__Problem to work on__
When copying the records below, omit any image and print everything else exactly.

__Supplied data__
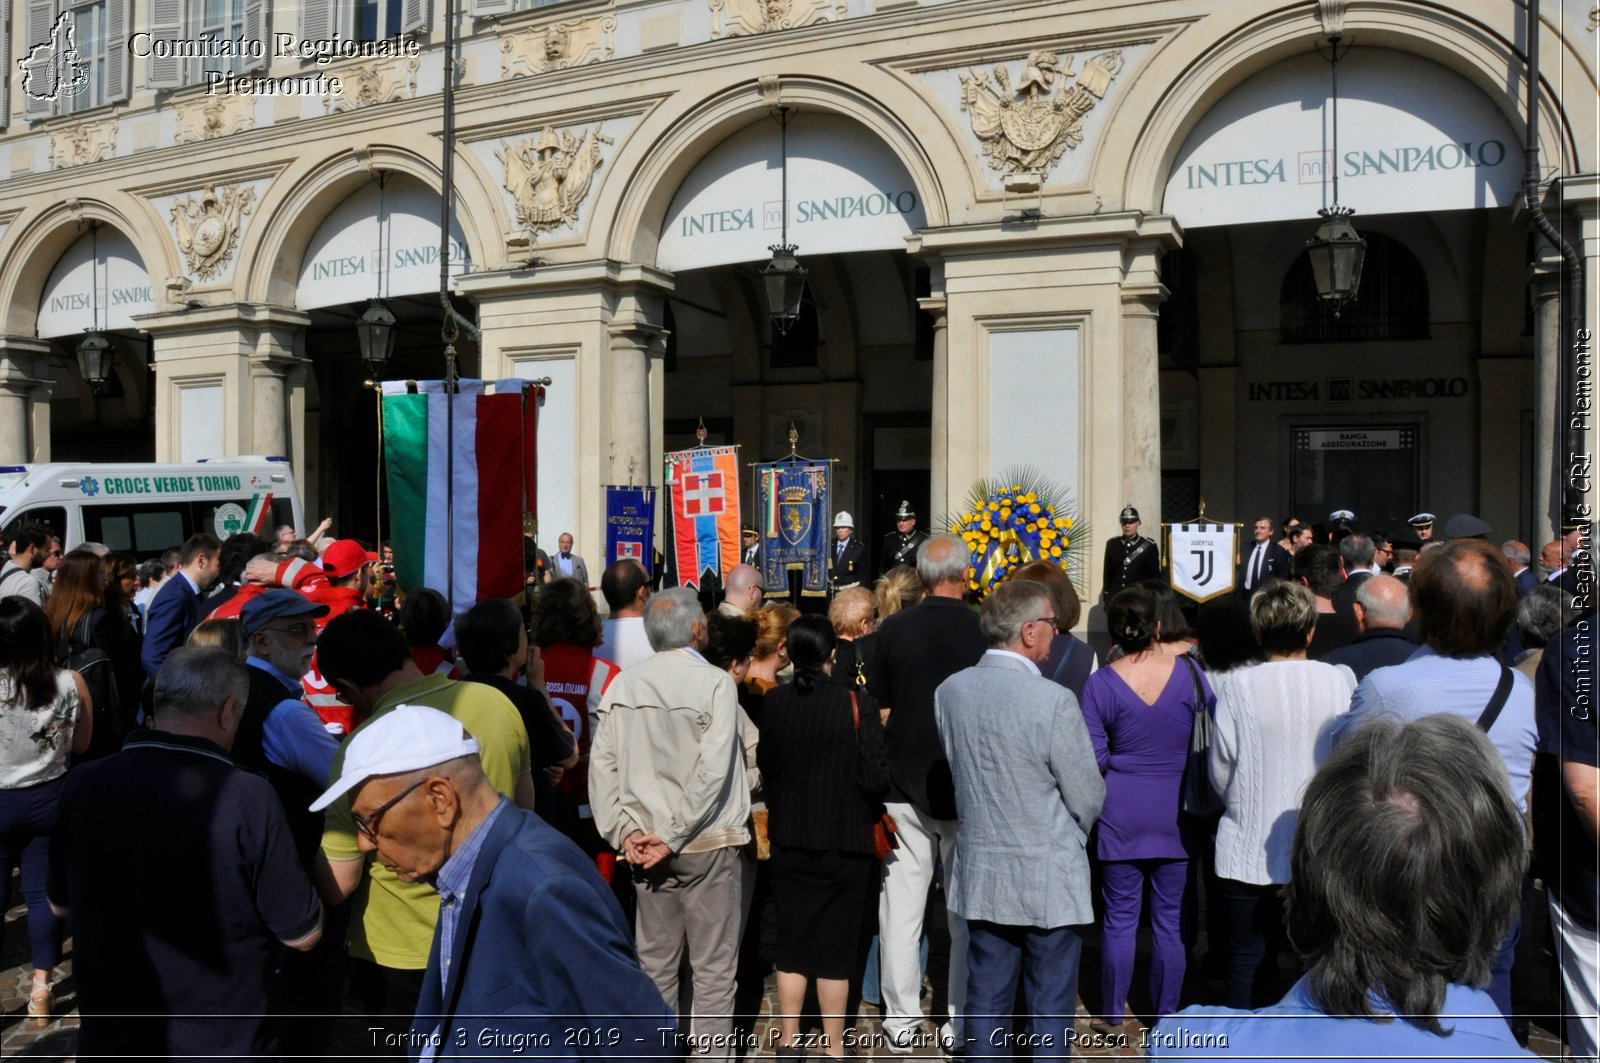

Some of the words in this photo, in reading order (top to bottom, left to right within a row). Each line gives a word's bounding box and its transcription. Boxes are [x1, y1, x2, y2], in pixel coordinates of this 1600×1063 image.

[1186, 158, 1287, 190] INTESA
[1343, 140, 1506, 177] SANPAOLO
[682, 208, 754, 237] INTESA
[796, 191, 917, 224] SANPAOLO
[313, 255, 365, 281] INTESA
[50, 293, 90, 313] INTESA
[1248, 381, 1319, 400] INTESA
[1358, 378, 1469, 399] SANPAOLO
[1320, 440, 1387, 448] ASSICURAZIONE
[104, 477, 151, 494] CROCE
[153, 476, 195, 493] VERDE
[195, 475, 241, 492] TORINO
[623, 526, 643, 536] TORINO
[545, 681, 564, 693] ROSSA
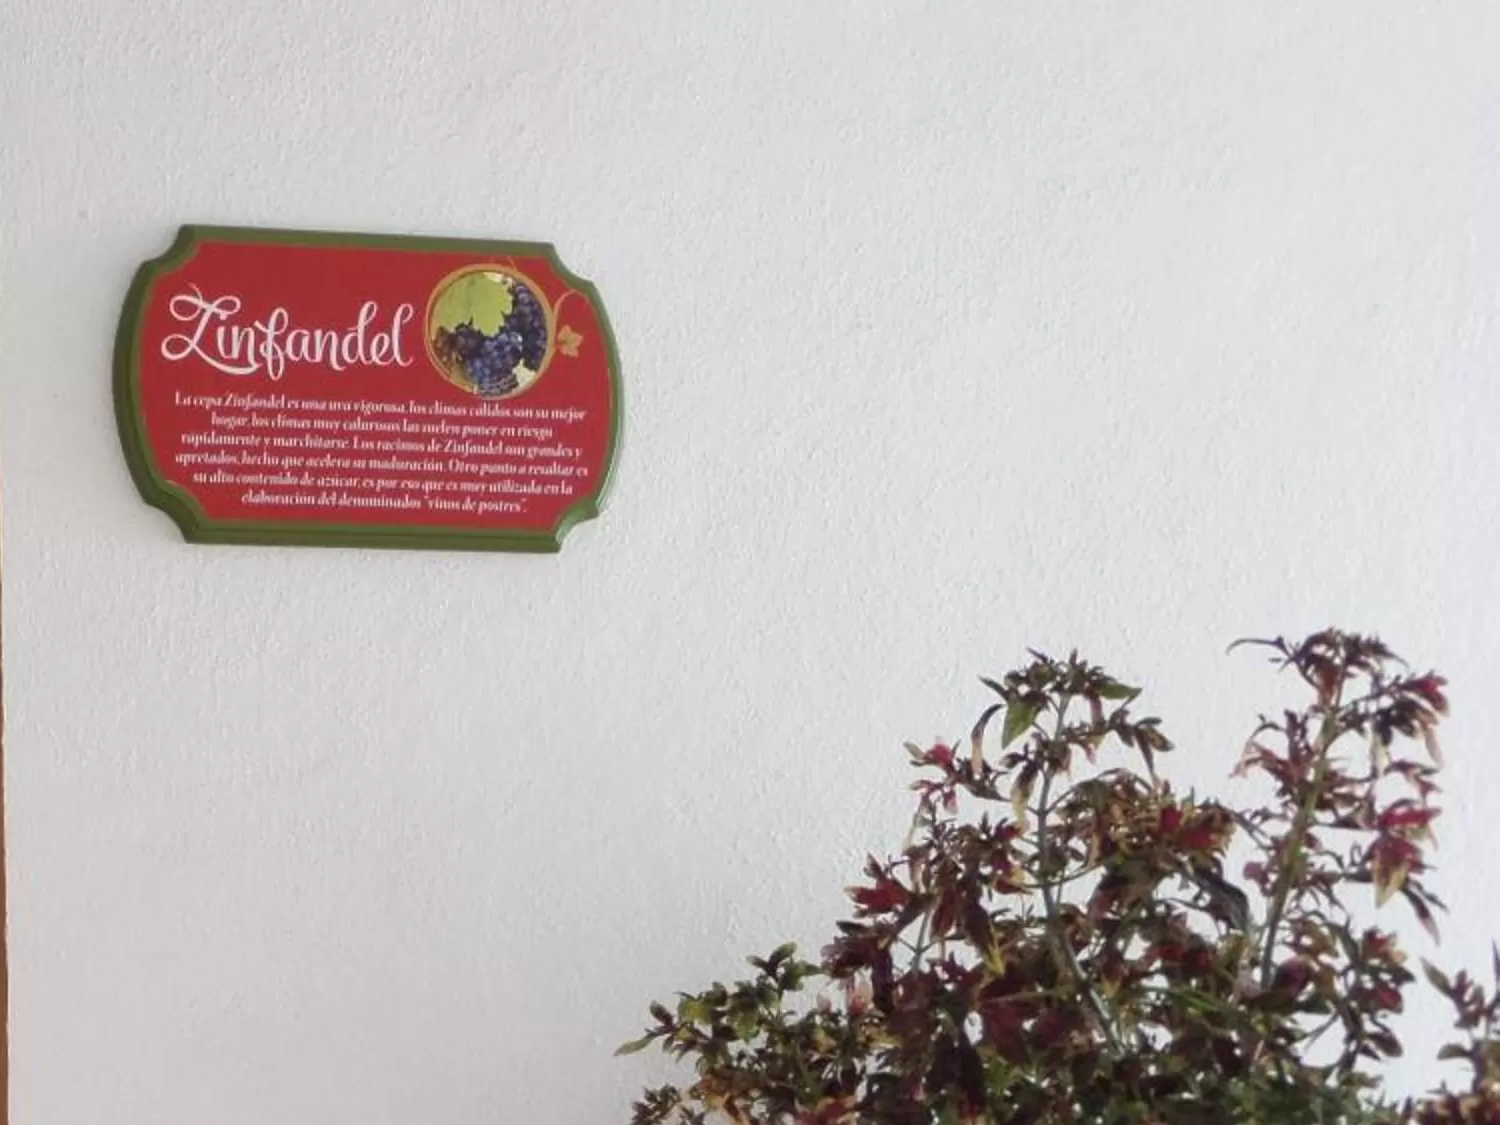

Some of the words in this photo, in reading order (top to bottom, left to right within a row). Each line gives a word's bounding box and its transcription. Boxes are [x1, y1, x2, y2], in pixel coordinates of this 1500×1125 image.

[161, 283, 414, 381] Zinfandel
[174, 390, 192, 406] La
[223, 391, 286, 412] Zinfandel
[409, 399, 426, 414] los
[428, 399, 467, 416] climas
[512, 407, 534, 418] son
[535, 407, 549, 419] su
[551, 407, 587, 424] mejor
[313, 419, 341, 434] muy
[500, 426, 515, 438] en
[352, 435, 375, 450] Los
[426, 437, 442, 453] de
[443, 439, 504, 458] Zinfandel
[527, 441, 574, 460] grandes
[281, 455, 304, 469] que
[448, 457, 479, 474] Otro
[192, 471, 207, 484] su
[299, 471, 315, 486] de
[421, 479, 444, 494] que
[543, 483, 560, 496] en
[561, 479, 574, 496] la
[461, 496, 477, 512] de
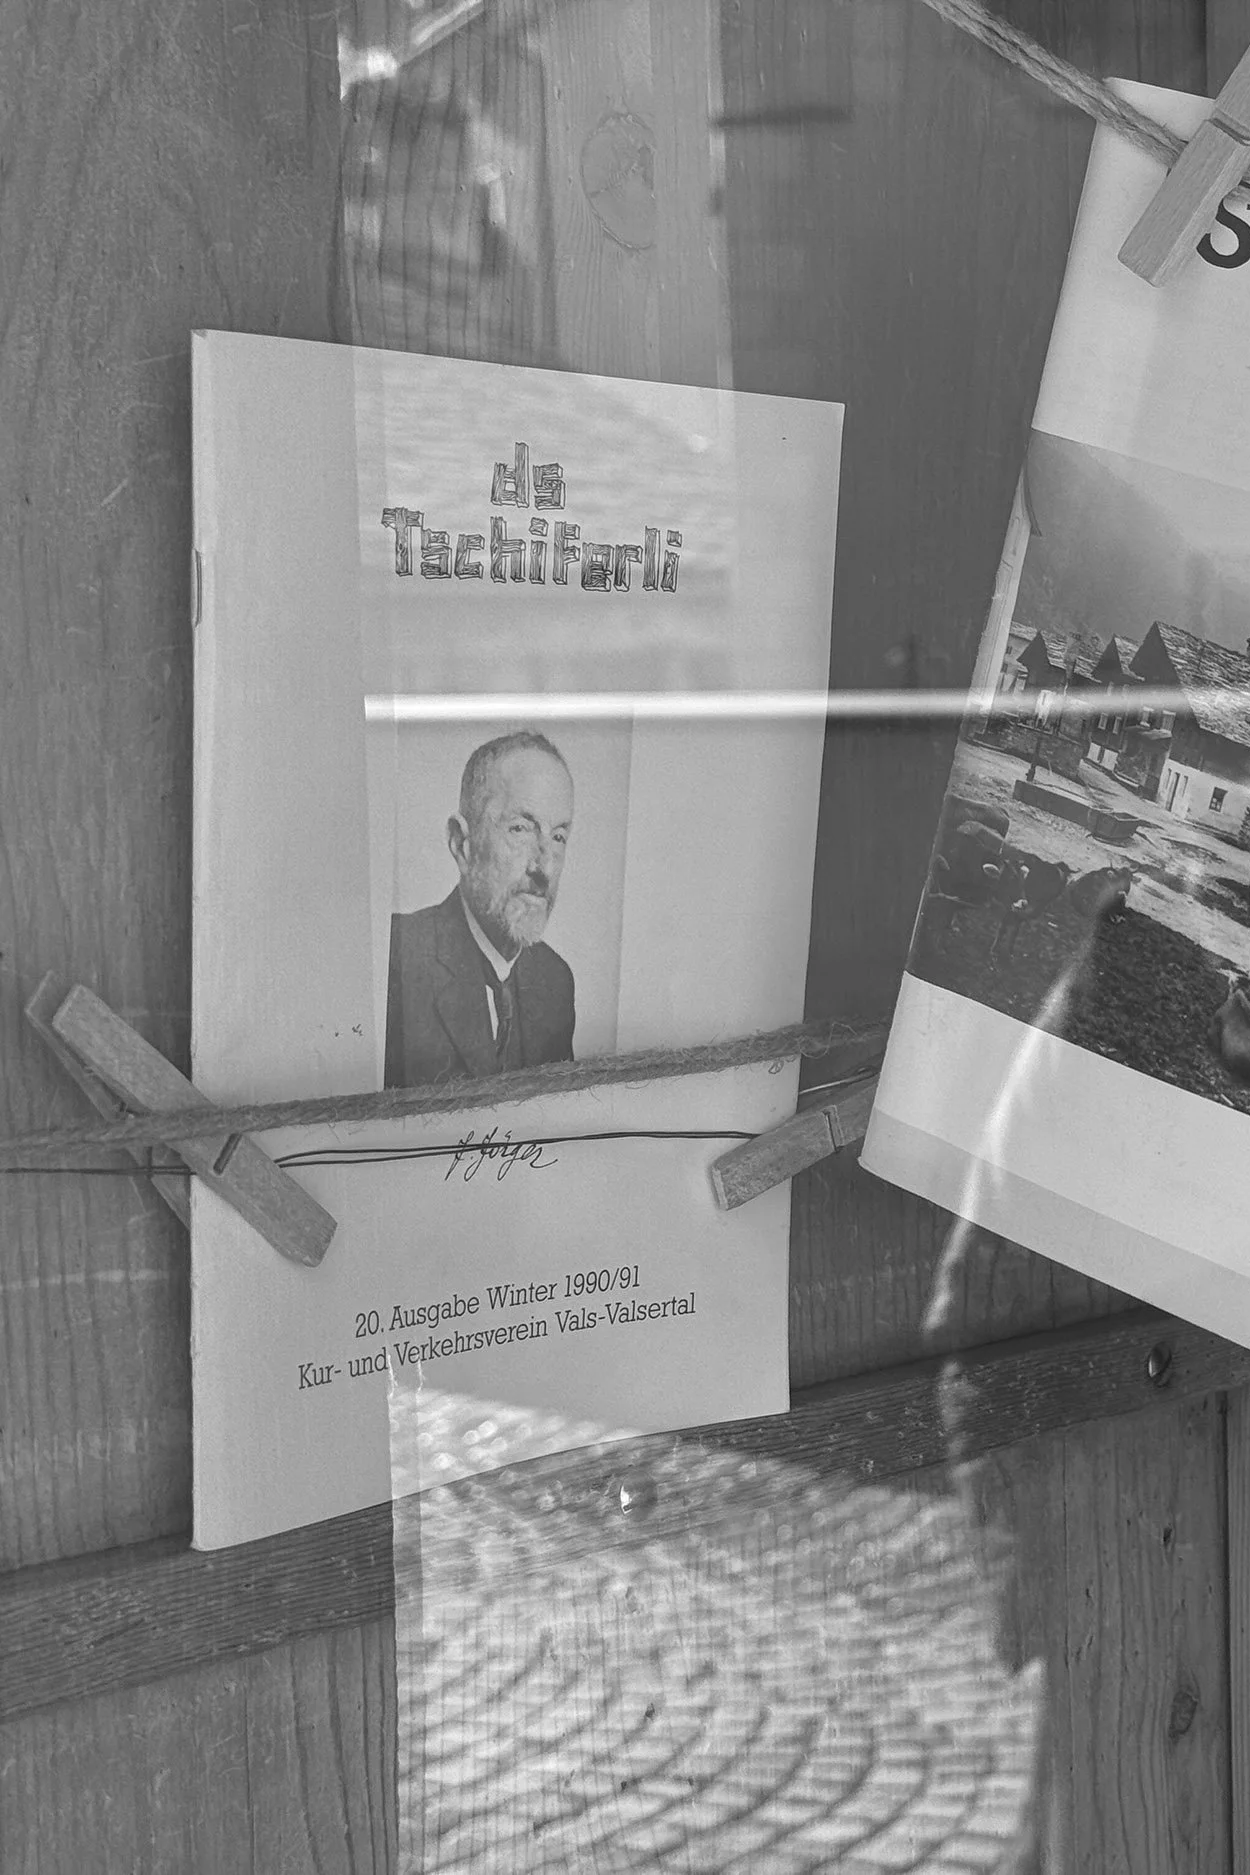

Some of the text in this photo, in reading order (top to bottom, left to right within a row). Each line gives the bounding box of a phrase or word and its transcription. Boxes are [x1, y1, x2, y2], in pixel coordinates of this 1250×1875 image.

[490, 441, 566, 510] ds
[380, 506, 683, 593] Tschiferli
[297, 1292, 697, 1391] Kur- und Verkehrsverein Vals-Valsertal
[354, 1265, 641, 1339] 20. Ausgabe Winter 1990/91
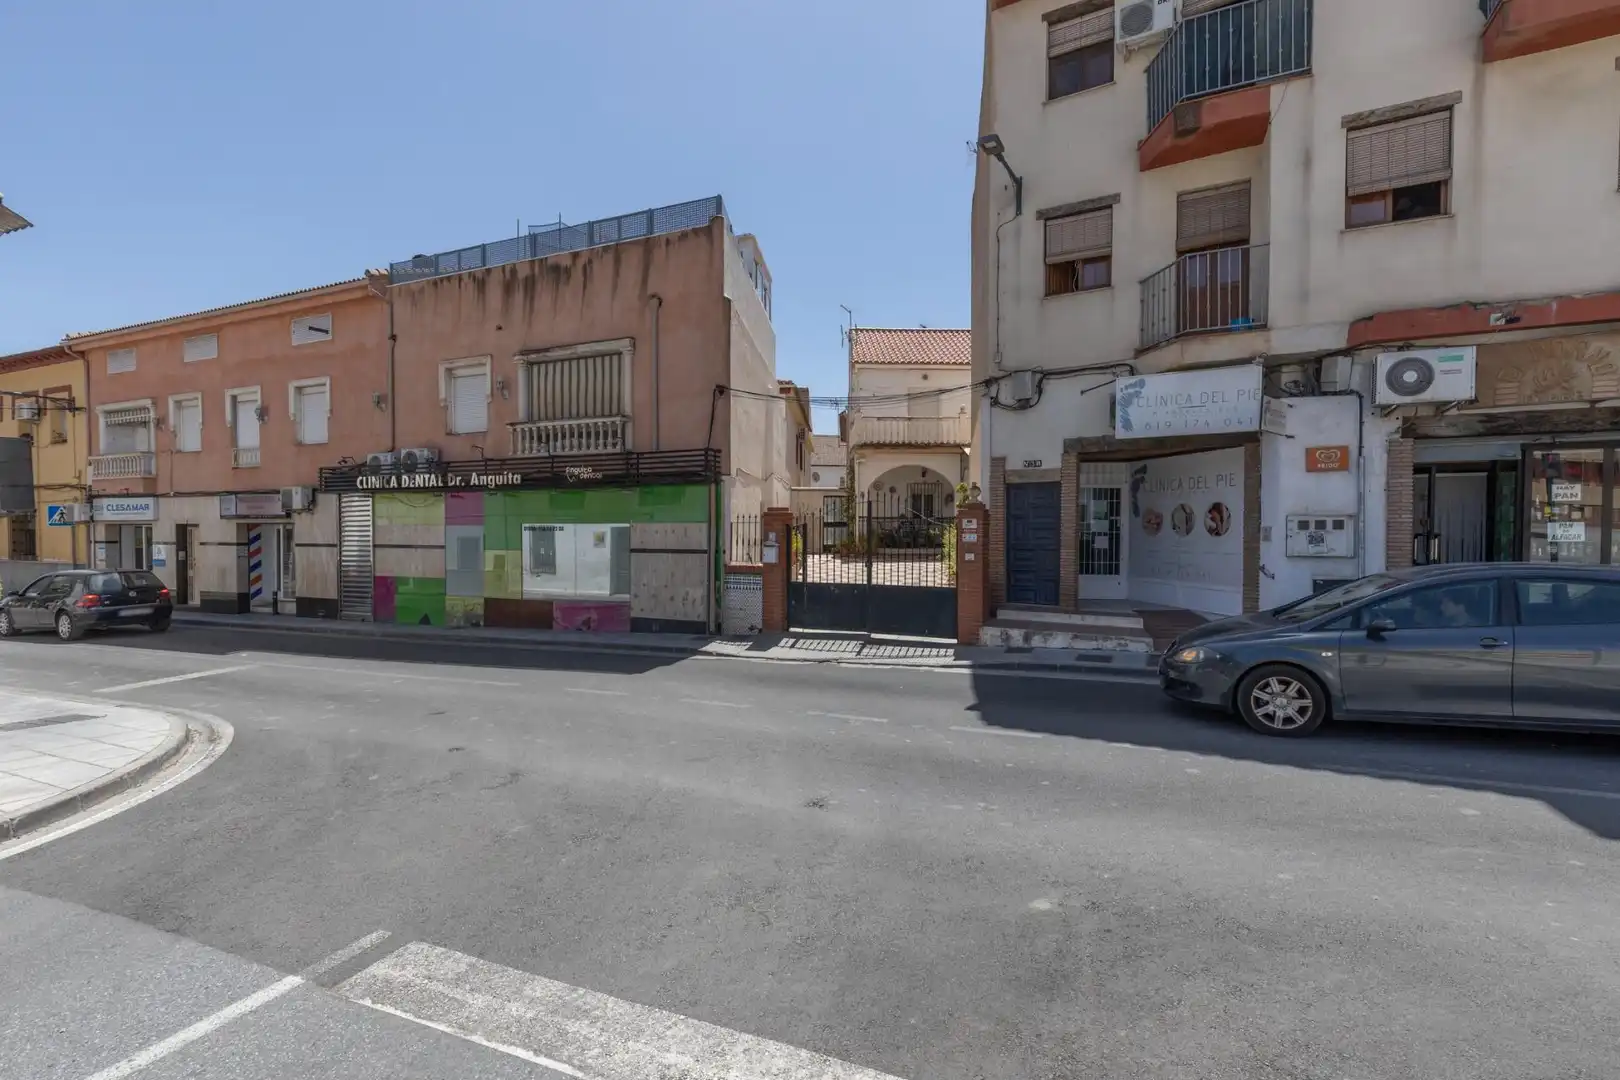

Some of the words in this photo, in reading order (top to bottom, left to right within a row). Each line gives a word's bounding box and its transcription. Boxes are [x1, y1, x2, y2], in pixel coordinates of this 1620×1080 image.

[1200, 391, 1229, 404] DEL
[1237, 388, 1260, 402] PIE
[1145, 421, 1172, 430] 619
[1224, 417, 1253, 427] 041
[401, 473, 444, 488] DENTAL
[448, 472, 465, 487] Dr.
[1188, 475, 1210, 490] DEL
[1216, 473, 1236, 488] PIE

__Response below__
Some of the words in this photo, in reading order (top to bottom, left to right within a row). Each line gives a word's bounding box and its transcription. Boxes are [x1, y1, x2, y2], in pixel coordinates of this 1600×1063 image.

[1186, 158, 1287, 190] INTESA
[1343, 140, 1506, 177] SANPAOLO
[682, 208, 754, 237] INTESA
[796, 191, 917, 224] SANPAOLO
[313, 255, 365, 281] INTESA
[50, 293, 90, 313] INTESA
[1248, 381, 1319, 400] INTESA
[1358, 378, 1469, 399] SANPAOLO
[1320, 440, 1387, 448] ASSICURAZIONE
[104, 477, 151, 494] CROCE
[153, 476, 195, 493] VERDE
[195, 475, 241, 492] TORINO
[623, 526, 643, 536] TORINO
[545, 681, 564, 693] ROSSA

Some of the words in this photo, in reading order (top to bottom, left to right within a row). Each line gives a word's bounding box and its transcription. Boxes are [x1, y1, x2, y2], in pixel coordinates of this 1500×1125 image.

[161, 283, 414, 381] Zinfandel
[174, 390, 192, 406] La
[223, 391, 286, 412] Zinfandel
[409, 399, 426, 414] los
[428, 399, 467, 416] climas
[512, 407, 534, 418] son
[535, 407, 549, 419] su
[551, 407, 587, 424] mejor
[313, 419, 341, 434] muy
[500, 426, 515, 438] en
[352, 435, 375, 450] Los
[426, 437, 442, 453] de
[443, 439, 504, 458] Zinfandel
[527, 441, 574, 460] grandes
[281, 455, 304, 469] que
[448, 457, 479, 474] Otro
[192, 471, 207, 484] su
[299, 471, 315, 486] de
[421, 479, 444, 494] que
[543, 483, 560, 496] en
[561, 479, 574, 496] la
[461, 496, 477, 512] de

Some of the text in this photo, in reading order (top to bottom, left to right within a row). Each line gives the bounding box of a phrase or word and its transcription. Boxes are [x1, y1, x2, y2], in pixel coordinates of this 1250×1875 image.

[490, 441, 566, 510] ds
[380, 506, 683, 593] Tschiferli
[297, 1292, 697, 1391] Kur- und Verkehrsverein Vals-Valsertal
[354, 1265, 641, 1339] 20. Ausgabe Winter 1990/91

Some of the words in this photo, in reading order (top to bottom, left to right within a row). Each line gives a word's bounding box and its transcription. Boxes are [x1, y1, x2, y2], in pixel coordinates of this 1620×1080 image.

[1200, 391, 1229, 404] DEL
[1237, 388, 1260, 402] PIE
[1145, 421, 1172, 430] 619
[1224, 417, 1253, 427] 041
[401, 473, 444, 488] DENTAL
[448, 472, 465, 487] Dr.
[1188, 475, 1210, 490] DEL
[1216, 473, 1236, 488] PIE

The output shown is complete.